When I worked at Apple, Geniuses were sent on an all-expenses-paid business trip for 14 days to Cupertino, California, for Genius training camp. Geniuses often made $US25 to $US30 an hour based on their tenure.
From what I knew, many Geniuses who had been there since the store opened its doors were making well over $US40 an hour.
The best part of working for Apple: It had to be launch days! There were crazy long lines, especially for the iPad 2, and the iPhone 5. The energy on these days rocked my world. I will never forget them.
Apple is, of course, concerned with how well taken care of its customers are, but I have to say the company also looks out for their employees. I remember they would often buy the entire store crew a full meal for free on launch days, which was pretty awesome.
Another perk of working there: Customers love Apple, so my days were often pleasant.
Every day I would interact with people; young and old, rich and poor, and from all walks of life with different needs, wants, and budgets. This type of selling opened my eyes to the importance of treating all my customers equally, all with compassion, no matter what the circumstance.
Worst part of working for Apple: Honestly, looking back, most of my time there was pretty great. I guess the one part of the job I didn’t look forward to was closing the store at night. If you have ever entered an Apple store in the morning you will see just how perfect every iPad, iPod, MacBook Pro have been aligned — without fingerprints. I can tell you, this is a task that takes hours to do, often taking the store’s closing crew two to three hours to accomplish.
Most surprising thing about working at Apple: I would think readers would be surprised to see the energy behind Apple’s walls, to know that management is always working on creating a better customer experience. Customer loyalty and satisfaction is their number one priority.
I also think readers might find the level of diversity among the talent at Apple very inspiring.
Pay and benefits: When I worked at Apple, I was paid $US12 an hour as a specialist. They offered benefit options such as health care for all employees full- and/or part-time. Other benefits included stock pay options (up to 10% of your income quarterly at 15% of market value) and discounts, such as 25% off a product once a year, 15% off products for friends and family on three products a year, and an unlimited 10% in-store discount on anything, any time.

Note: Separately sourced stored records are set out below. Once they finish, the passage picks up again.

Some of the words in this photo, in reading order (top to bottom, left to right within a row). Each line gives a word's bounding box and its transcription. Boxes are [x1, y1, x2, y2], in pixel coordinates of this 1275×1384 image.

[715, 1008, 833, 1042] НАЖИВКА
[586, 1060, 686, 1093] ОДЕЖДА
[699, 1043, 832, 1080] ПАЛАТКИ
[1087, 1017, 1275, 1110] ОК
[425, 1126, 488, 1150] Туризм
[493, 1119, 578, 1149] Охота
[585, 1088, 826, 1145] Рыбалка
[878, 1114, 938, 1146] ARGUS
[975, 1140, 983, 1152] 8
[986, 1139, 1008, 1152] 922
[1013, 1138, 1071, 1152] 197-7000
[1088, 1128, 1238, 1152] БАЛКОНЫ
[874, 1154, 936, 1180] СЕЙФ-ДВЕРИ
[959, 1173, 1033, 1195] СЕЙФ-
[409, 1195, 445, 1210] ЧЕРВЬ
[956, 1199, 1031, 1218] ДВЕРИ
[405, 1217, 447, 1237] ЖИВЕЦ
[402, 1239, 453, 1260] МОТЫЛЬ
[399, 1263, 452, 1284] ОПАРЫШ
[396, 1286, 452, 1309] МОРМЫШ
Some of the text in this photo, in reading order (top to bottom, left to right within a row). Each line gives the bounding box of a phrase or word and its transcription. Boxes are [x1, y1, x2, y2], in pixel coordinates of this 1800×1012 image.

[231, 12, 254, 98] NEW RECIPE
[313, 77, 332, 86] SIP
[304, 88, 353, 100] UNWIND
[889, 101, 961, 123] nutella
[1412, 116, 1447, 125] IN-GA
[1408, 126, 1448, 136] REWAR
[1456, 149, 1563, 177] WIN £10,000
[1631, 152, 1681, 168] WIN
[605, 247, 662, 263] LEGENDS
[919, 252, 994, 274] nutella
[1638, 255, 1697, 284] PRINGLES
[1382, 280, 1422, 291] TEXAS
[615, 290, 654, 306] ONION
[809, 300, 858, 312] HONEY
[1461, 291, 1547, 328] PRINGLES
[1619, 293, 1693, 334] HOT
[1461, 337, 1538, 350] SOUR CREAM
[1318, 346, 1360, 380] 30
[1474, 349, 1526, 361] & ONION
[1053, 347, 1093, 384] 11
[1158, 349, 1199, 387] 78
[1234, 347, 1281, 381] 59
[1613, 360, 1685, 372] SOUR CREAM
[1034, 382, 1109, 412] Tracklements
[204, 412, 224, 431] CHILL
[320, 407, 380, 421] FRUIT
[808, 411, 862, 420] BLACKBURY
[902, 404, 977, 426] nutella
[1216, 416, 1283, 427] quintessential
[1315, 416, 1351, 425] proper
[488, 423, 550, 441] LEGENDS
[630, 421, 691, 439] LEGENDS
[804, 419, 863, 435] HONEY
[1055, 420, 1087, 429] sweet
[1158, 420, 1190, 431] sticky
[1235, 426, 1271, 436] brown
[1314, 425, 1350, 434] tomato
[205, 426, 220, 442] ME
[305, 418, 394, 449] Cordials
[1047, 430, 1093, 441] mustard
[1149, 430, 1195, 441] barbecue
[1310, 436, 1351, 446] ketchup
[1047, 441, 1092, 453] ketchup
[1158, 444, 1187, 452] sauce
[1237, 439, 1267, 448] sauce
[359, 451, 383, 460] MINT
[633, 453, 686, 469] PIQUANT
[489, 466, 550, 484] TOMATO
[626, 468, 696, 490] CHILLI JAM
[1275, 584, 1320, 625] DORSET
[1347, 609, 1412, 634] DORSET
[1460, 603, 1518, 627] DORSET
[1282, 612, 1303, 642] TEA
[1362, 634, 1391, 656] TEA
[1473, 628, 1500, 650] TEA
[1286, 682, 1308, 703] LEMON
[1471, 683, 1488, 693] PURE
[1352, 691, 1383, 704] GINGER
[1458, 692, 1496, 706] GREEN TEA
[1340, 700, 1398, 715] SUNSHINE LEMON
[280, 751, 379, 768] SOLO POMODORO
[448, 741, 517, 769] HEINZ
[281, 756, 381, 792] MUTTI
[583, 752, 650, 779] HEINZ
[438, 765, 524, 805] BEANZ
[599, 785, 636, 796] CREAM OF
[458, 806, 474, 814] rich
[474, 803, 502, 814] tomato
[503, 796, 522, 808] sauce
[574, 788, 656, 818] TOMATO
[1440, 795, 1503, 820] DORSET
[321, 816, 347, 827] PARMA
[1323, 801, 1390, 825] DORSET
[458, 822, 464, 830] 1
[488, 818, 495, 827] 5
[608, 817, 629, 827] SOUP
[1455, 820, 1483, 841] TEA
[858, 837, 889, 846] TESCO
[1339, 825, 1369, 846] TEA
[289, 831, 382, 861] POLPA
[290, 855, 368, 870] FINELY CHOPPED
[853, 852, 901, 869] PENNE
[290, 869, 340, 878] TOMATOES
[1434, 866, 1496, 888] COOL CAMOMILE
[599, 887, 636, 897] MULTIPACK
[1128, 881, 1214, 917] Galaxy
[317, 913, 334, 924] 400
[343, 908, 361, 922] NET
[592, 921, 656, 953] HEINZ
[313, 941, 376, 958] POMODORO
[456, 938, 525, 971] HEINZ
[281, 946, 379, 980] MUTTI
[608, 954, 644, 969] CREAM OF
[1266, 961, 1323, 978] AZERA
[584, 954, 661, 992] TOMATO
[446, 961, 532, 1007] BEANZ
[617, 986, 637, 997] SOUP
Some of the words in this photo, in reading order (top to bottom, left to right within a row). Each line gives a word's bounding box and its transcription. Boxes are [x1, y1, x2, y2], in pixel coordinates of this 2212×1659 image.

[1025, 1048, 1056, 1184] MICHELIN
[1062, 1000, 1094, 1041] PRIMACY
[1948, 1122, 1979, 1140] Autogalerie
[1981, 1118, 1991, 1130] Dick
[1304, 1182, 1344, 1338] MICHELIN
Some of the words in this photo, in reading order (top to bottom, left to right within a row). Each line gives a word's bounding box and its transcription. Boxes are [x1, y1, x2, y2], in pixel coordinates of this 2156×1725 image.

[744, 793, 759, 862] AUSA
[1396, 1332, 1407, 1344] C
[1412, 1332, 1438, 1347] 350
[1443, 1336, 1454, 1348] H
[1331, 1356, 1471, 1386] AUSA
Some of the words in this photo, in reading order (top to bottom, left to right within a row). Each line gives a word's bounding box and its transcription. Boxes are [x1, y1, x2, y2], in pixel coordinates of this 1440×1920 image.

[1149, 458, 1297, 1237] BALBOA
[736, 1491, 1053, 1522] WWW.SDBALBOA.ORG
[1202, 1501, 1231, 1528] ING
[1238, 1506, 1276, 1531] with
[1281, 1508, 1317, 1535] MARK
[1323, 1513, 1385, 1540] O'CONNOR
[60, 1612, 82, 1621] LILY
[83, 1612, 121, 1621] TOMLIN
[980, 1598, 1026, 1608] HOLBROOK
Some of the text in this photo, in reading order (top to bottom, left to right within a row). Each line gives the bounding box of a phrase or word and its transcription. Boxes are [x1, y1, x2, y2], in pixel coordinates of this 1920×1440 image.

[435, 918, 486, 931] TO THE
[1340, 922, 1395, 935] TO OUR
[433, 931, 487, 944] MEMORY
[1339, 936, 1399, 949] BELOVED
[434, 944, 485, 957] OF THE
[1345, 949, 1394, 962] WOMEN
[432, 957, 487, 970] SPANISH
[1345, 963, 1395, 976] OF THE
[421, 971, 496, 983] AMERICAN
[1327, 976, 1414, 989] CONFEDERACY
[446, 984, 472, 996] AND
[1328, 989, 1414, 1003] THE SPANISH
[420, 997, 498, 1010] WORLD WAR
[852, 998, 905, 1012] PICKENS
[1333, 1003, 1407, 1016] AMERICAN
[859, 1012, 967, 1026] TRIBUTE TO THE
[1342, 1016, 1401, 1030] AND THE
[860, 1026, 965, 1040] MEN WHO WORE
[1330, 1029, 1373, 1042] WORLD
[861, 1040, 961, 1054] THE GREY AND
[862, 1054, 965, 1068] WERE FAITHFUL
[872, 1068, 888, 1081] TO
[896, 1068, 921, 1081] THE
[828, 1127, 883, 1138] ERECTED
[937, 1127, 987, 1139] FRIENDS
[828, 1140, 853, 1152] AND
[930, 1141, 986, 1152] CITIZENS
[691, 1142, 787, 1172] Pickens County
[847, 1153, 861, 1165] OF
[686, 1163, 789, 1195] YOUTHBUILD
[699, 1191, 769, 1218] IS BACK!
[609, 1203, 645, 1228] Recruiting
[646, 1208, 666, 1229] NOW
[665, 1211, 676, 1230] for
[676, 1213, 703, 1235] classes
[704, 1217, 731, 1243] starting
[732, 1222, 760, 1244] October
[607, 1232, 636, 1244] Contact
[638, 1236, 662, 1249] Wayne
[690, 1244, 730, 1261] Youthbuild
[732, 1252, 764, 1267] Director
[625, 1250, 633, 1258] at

Weirdest thing that happened on the job:
Apple is an exciting place, and weird stuff happened every day, as can be expected in retail. However one memory that sticks out above the rest was when a flash mob broke out in the middle of the store. The mob used the electronics in the store to play music and record their dance routine. That turned my pretty normal day of work into feeling as if I were on a set of a music video shoot.
Coolest thing that ever happened on the job: The coolest thing was also the most touching thing I experience while working there.
A woman in tears came into the store because she had dropped her phone in the water. At first I didn’t understand why she was so upset about an easily replaceable phone. Then she told me how her phone contained a very important message that would break her heart if she were to lose it forever.
She confided in me that she had lost her son in a car accident and on this device was her final communication from her son, a voicemail with his closing words being “I love you Mum.” This was right before the iCloud and wireless backup days, and the message was not within the voicemail server — we tried this solution first.
A Genius in the store took it upon himself to transplant the logic board into another phone, at which time the phone was able to power on and retrieve the voicemail, saving it as an audio file as to avoid losing it in the future. It felt pretty good to be able to help this woman.
What it’s REALLY like to work in an Apple store: You get to work with really creative people. I became inspired to spread the creativity bug and often found myself being thanked and praised when customers left the store with exactly what they needed.